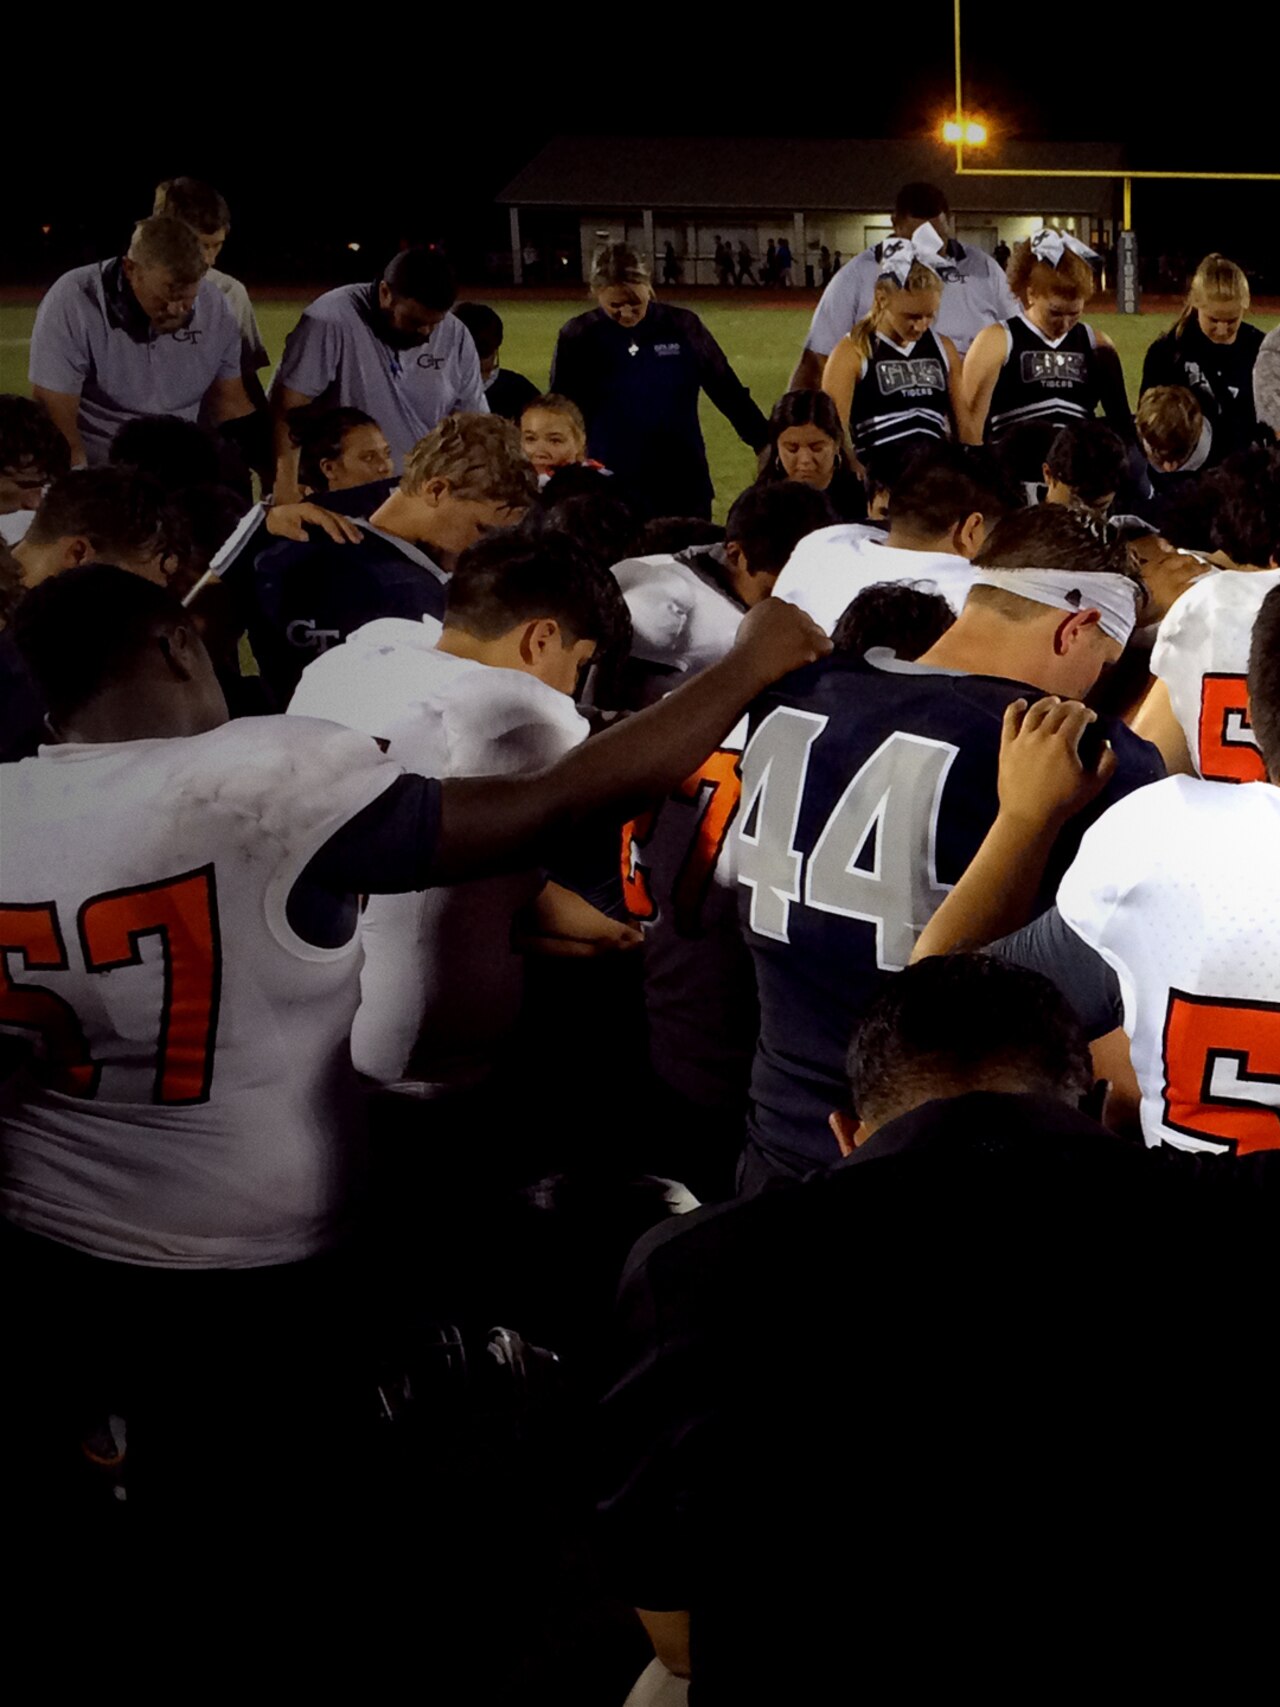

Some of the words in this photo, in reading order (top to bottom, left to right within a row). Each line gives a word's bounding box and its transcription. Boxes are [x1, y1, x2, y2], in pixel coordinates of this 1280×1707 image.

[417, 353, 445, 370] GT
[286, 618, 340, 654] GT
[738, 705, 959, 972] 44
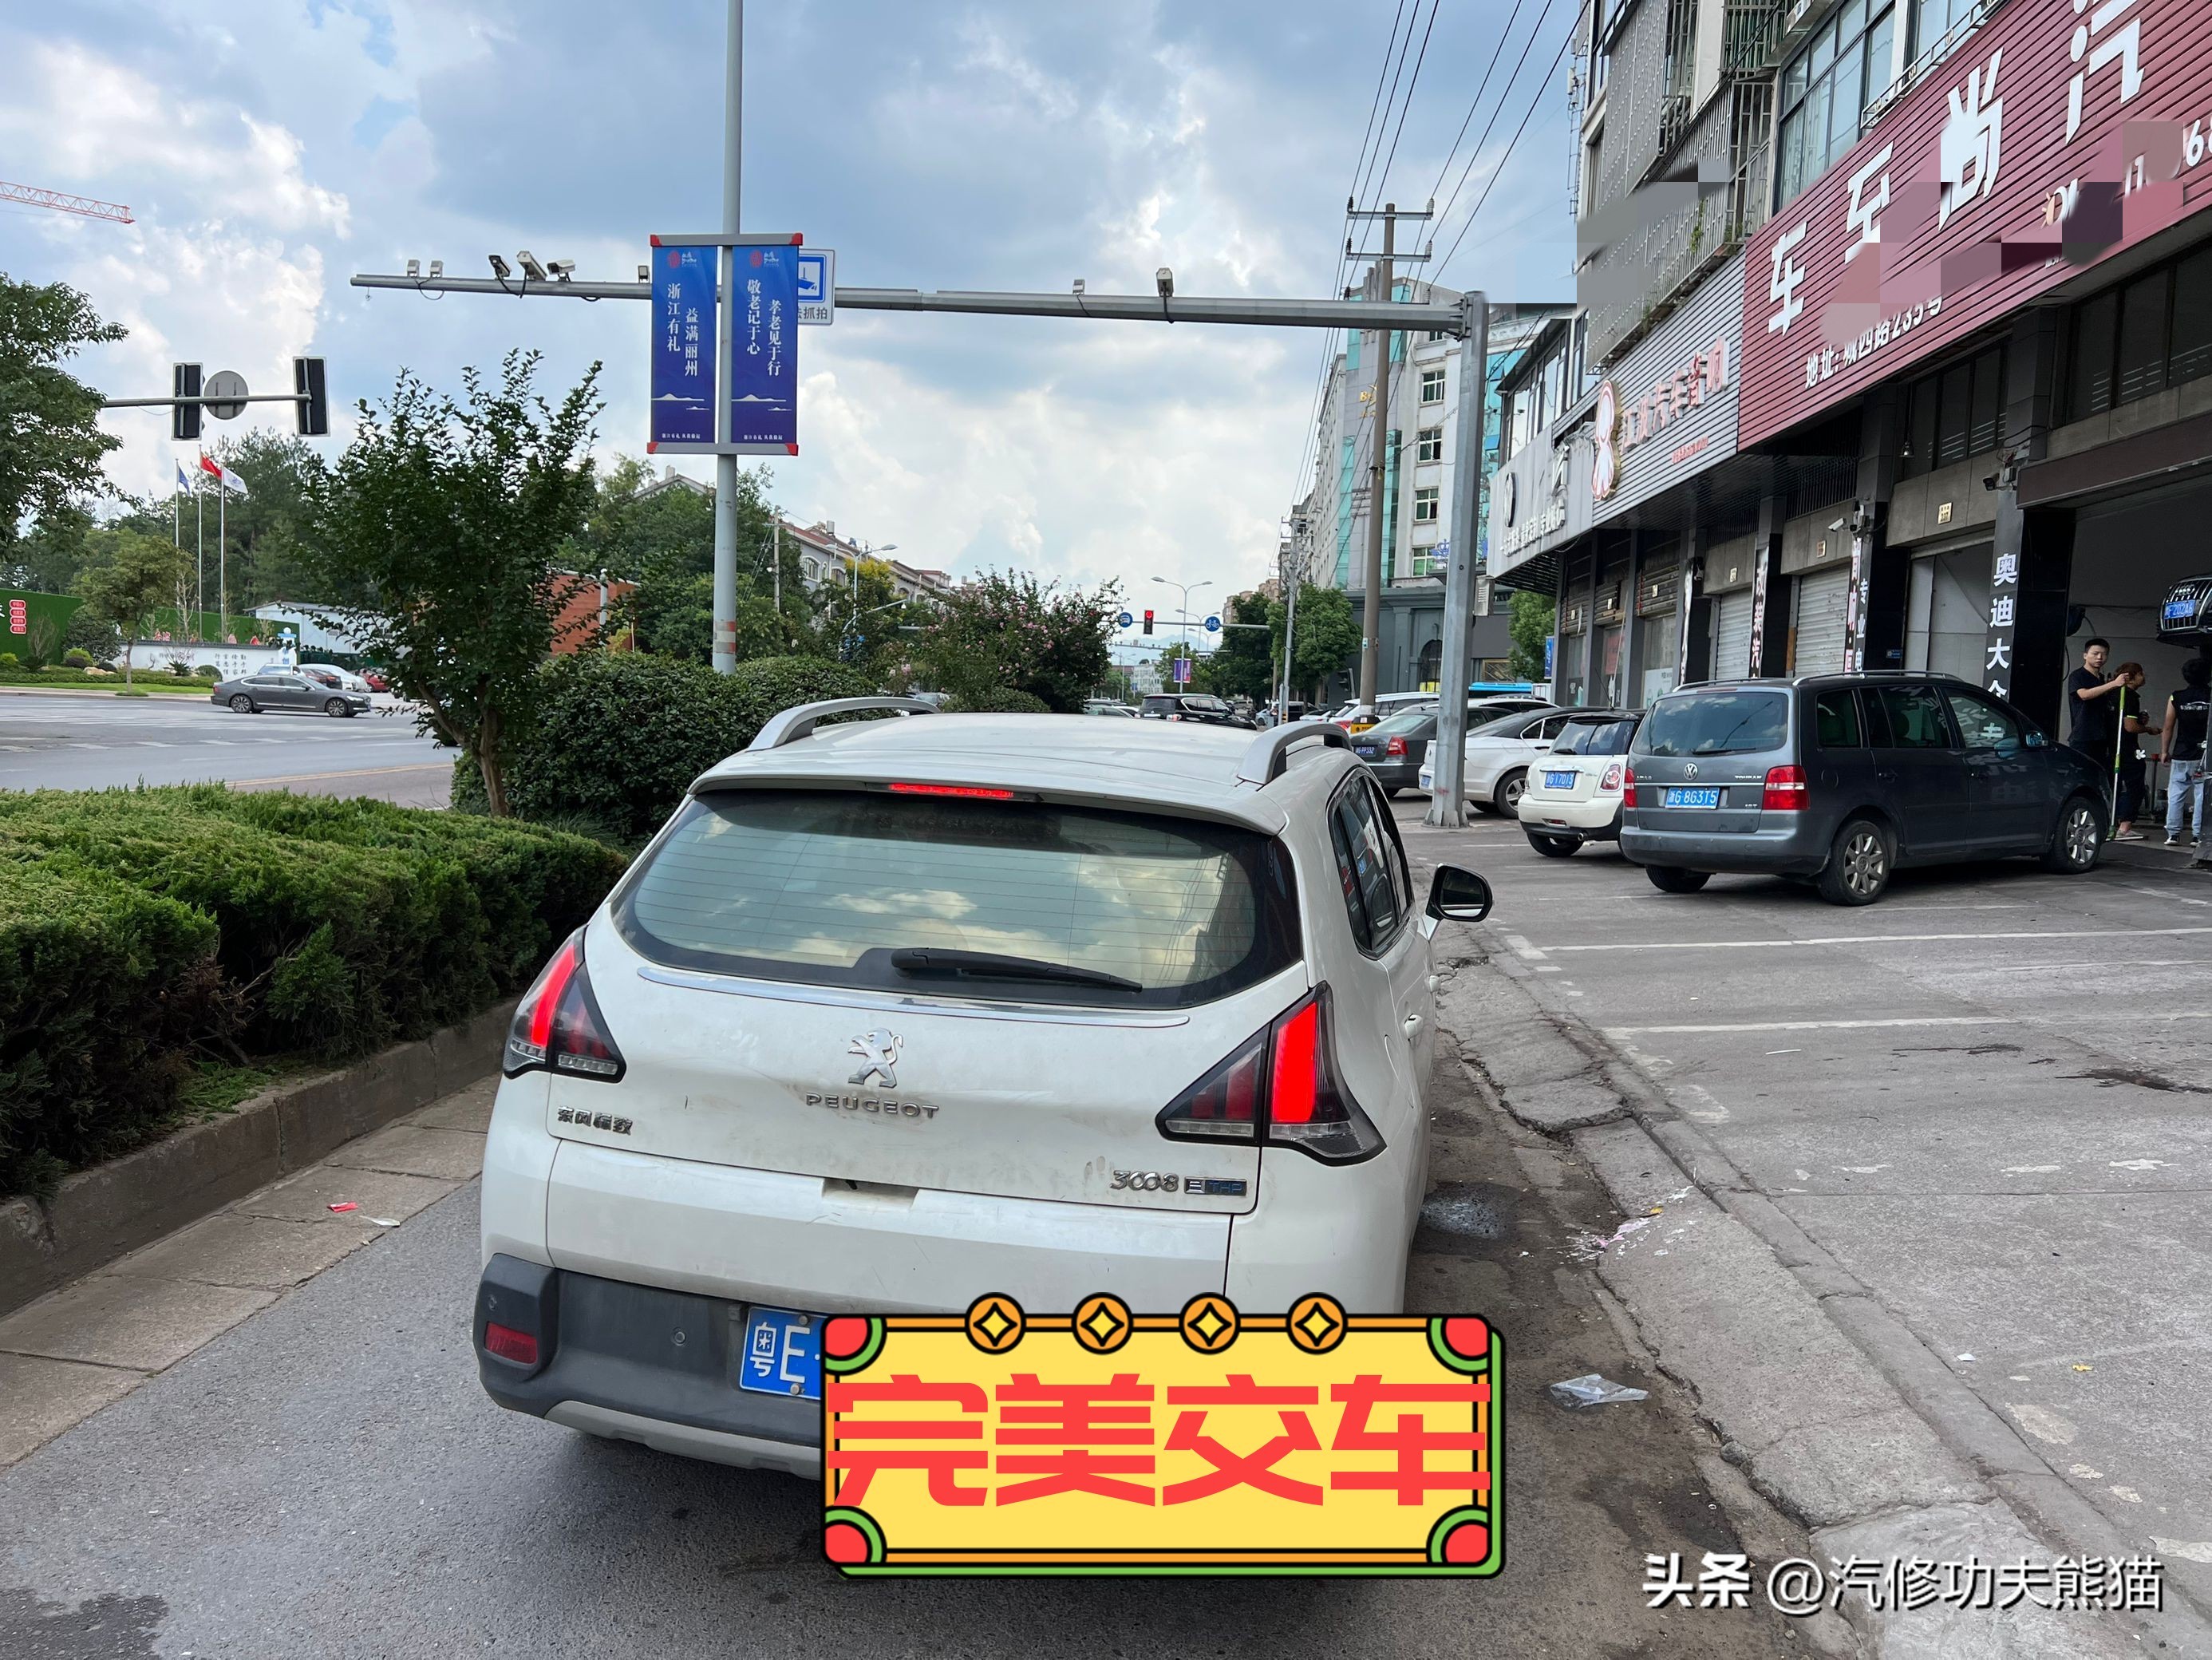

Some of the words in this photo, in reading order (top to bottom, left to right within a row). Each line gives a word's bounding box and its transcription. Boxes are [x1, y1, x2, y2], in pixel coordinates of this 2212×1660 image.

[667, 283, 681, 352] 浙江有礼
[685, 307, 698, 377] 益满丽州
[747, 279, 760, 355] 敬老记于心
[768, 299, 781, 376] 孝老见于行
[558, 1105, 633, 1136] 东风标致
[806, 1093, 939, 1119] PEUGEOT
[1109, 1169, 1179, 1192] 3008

════════════════════

**Task directions:**
Take the line that contains "this 2212×1660 image." and each line after it down to the last of the records, and retype them exactly; add nothing else.

**Written reply:**
Some of the words in this photo, in reading order (top to bottom, left to right within a row). Each line gives a word's bounding box and its transcription. Boxes are [x1, y1, x2, y2], in pixel coordinates of this 2212×1660 image.

[667, 283, 681, 352] 浙江有礼
[685, 307, 698, 377] 益满丽州
[747, 279, 760, 355] 敬老记于心
[768, 299, 781, 376] 孝老见于行
[558, 1105, 633, 1136] 东风标致
[806, 1093, 939, 1119] PEUGEOT
[1109, 1169, 1179, 1192] 3008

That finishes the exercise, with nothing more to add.